Joshua Redman, Brian Bradeという強力な2人を従えてのYahelのリーダー作だが、この頃
は、Redmnをリーダーとする同一メンバーで"Elastic Band"で活動していた時期とちょうど
重なり、その中でYahelをリーダーとする本作もという流れになったのであろうか。
アルバムタイトルの"Yaya3"(ヤヤ・キューブ)の3は、本来は3乗の意味の3で右上に小さい文
字の3なのだがうまく入力できなかったので悪しからず。
内容は、Yahel曲5、Redman曲2、Brade曲2の全9曲。

次代の感性を持ったオルガニストとして、デビュー当時から注目していたSam Yahel(B1971)

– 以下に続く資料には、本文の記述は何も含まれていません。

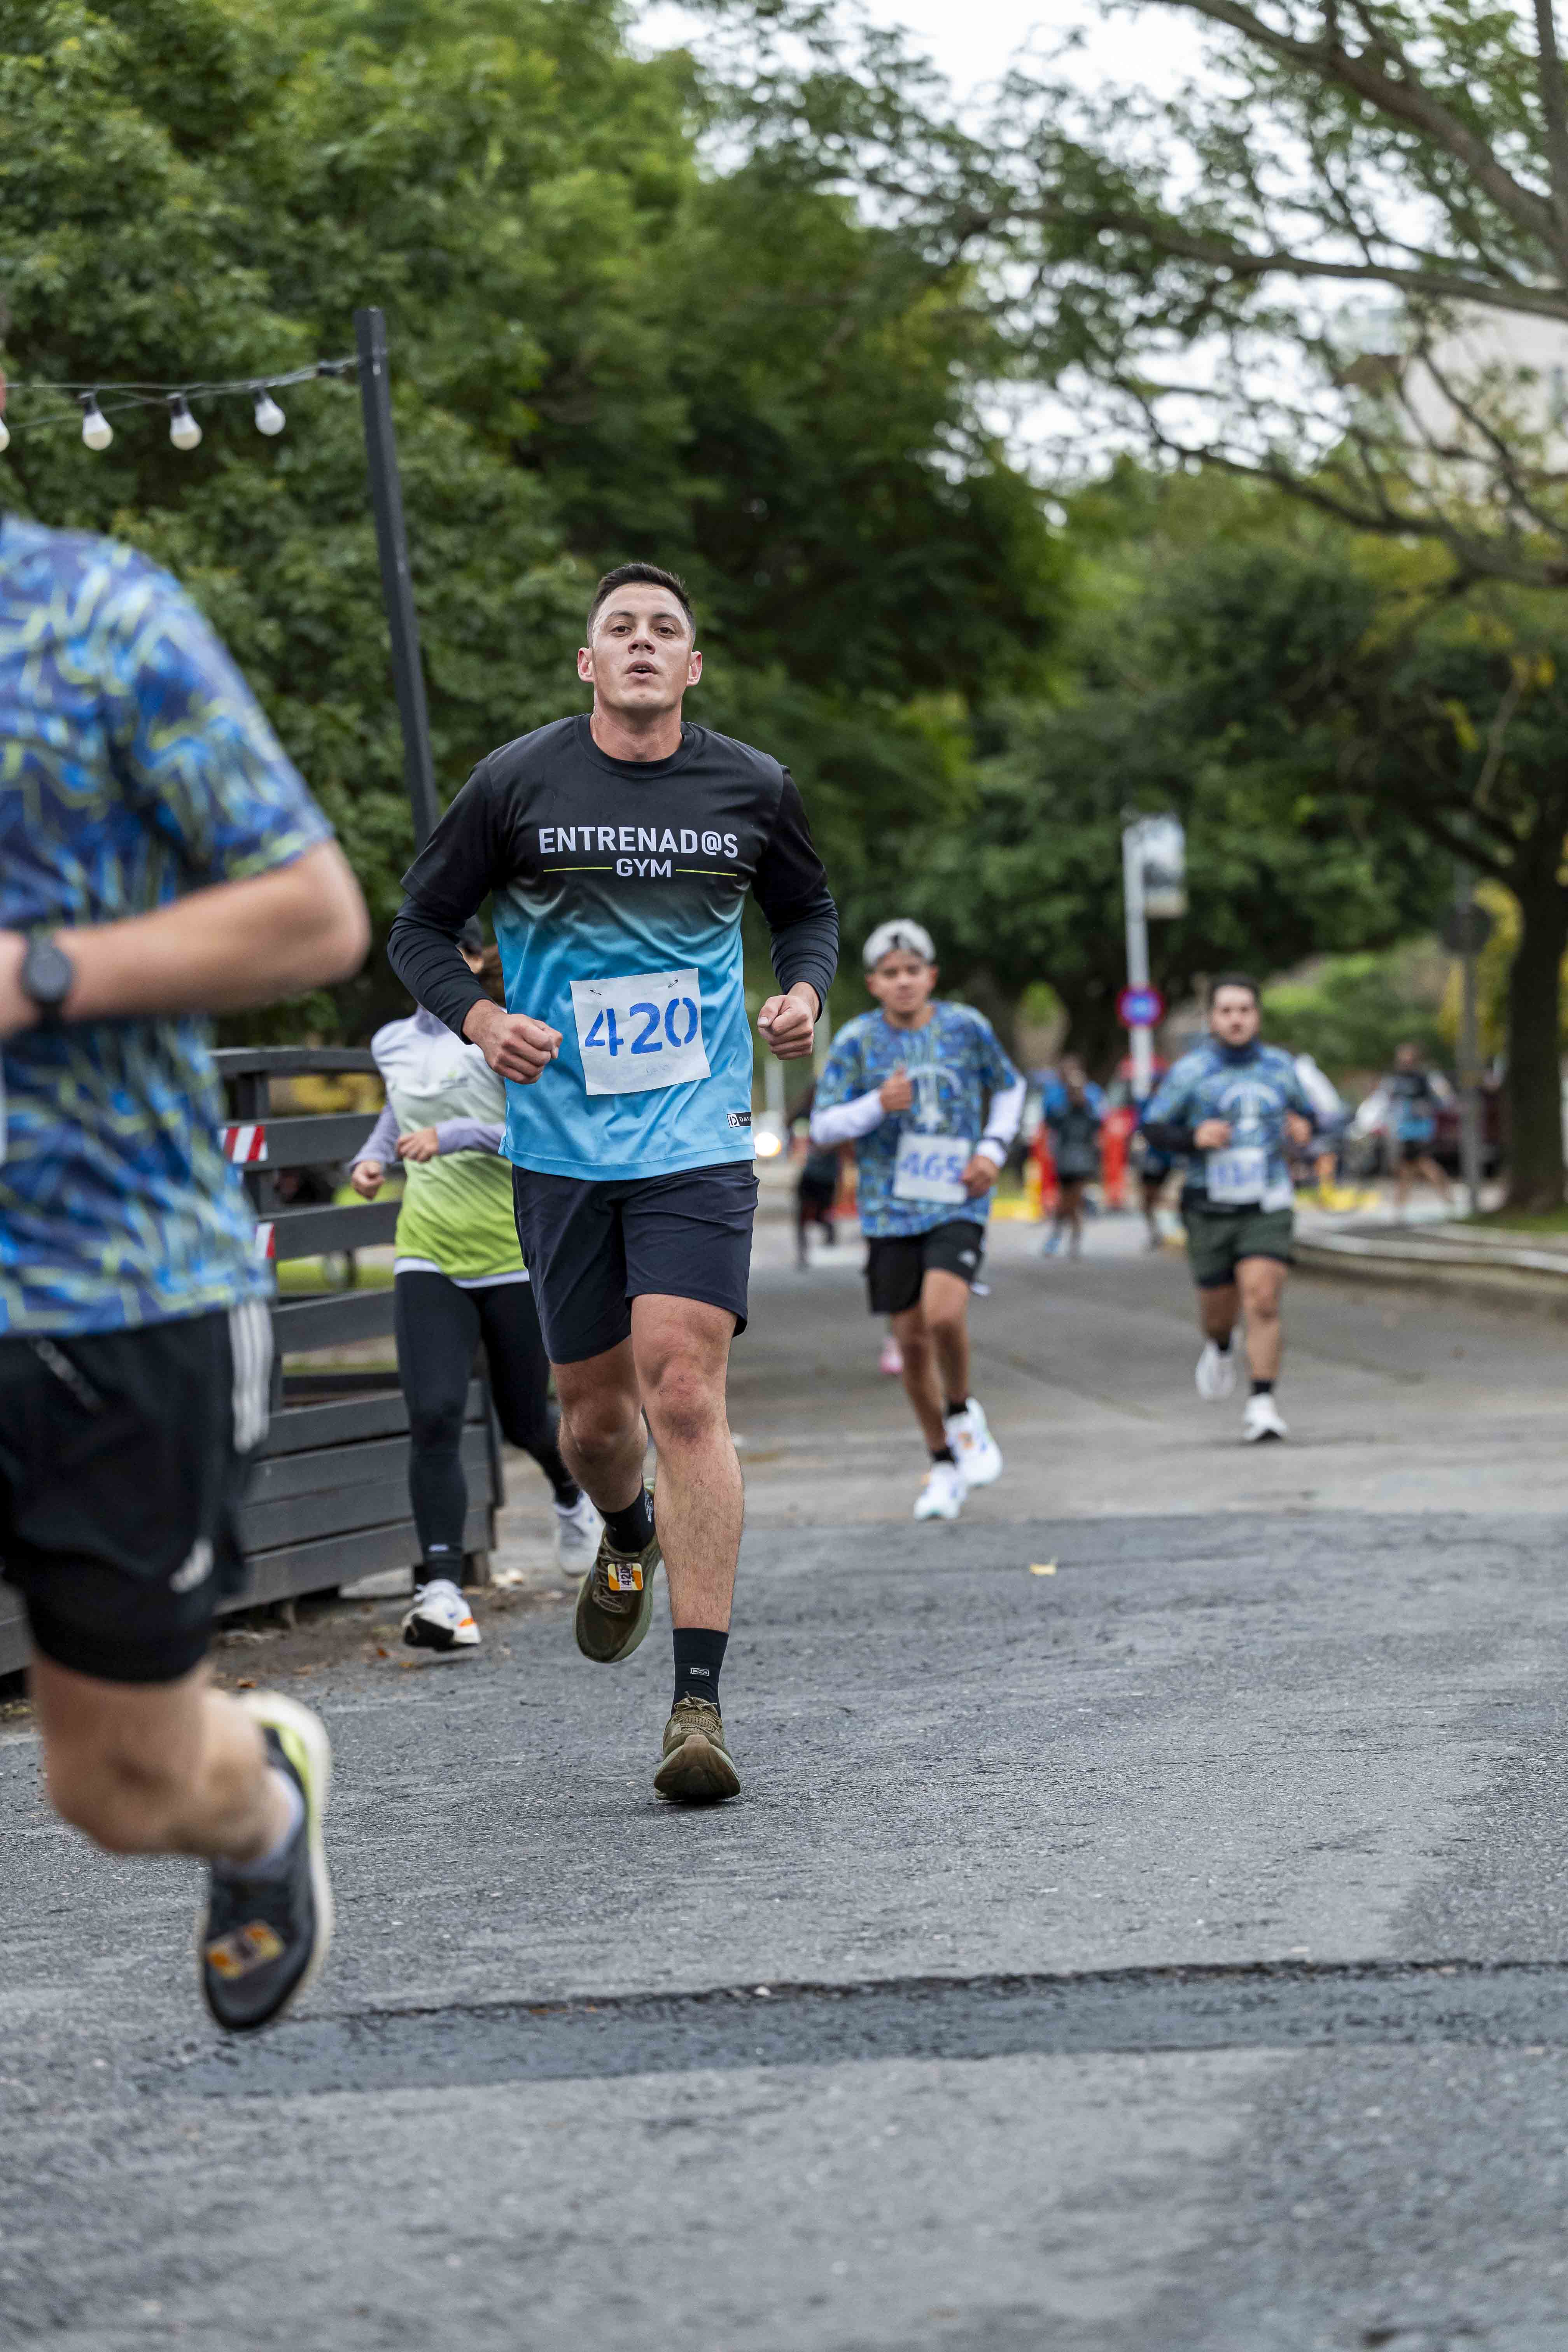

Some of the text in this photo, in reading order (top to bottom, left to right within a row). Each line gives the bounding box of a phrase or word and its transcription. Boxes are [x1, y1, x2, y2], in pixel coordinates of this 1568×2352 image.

は、年代的には、ちょっとだけ先輩格のLarry Goldings, Gary Versaceなどとは、似た方向性
を持つオルガニストとしてデビューの頃から後をついてきているのですが、近年、リーダー作
としてはピアニストとしての露出が多く、オルガニスト Sam Yahelのリーダー作に、しばら
くお目にかかれていないのは残念なところです。

本作は、それまで組んでいたPeter Bernstein(g)に代わってBrian Brade(ds)はそのままに、
Joshua Redman(ts,ss)が入ったことにより、サウンドは、大きく前に進み、コンテンポラ
リーな質感に溢れたものとなっており、Yahelのソロも、それまでの盤に比べ、よりモーダル
にクールに突き抜けるようなプレイを見せており、新しい時代のオルガンを実感したものでし
た。もちろんそれは、Redman の強力な推進力そして化学反応を起こすツボを心得たBradeの
絶妙なタイミングでのプッシュなどもあってのことですが、それを生かすYahelのセンスがあ
ったればこそとも言えるでしょう。
21世紀のオルガンの空気感というものを感じることができたという本盤ではありましたが、
世間のオルガンに求める感覚はこういった方向ではなく、この盤も内容の高水準に反して、
不人気盤といっていいような扱いをされていたのは、なんとも寂しい限りである。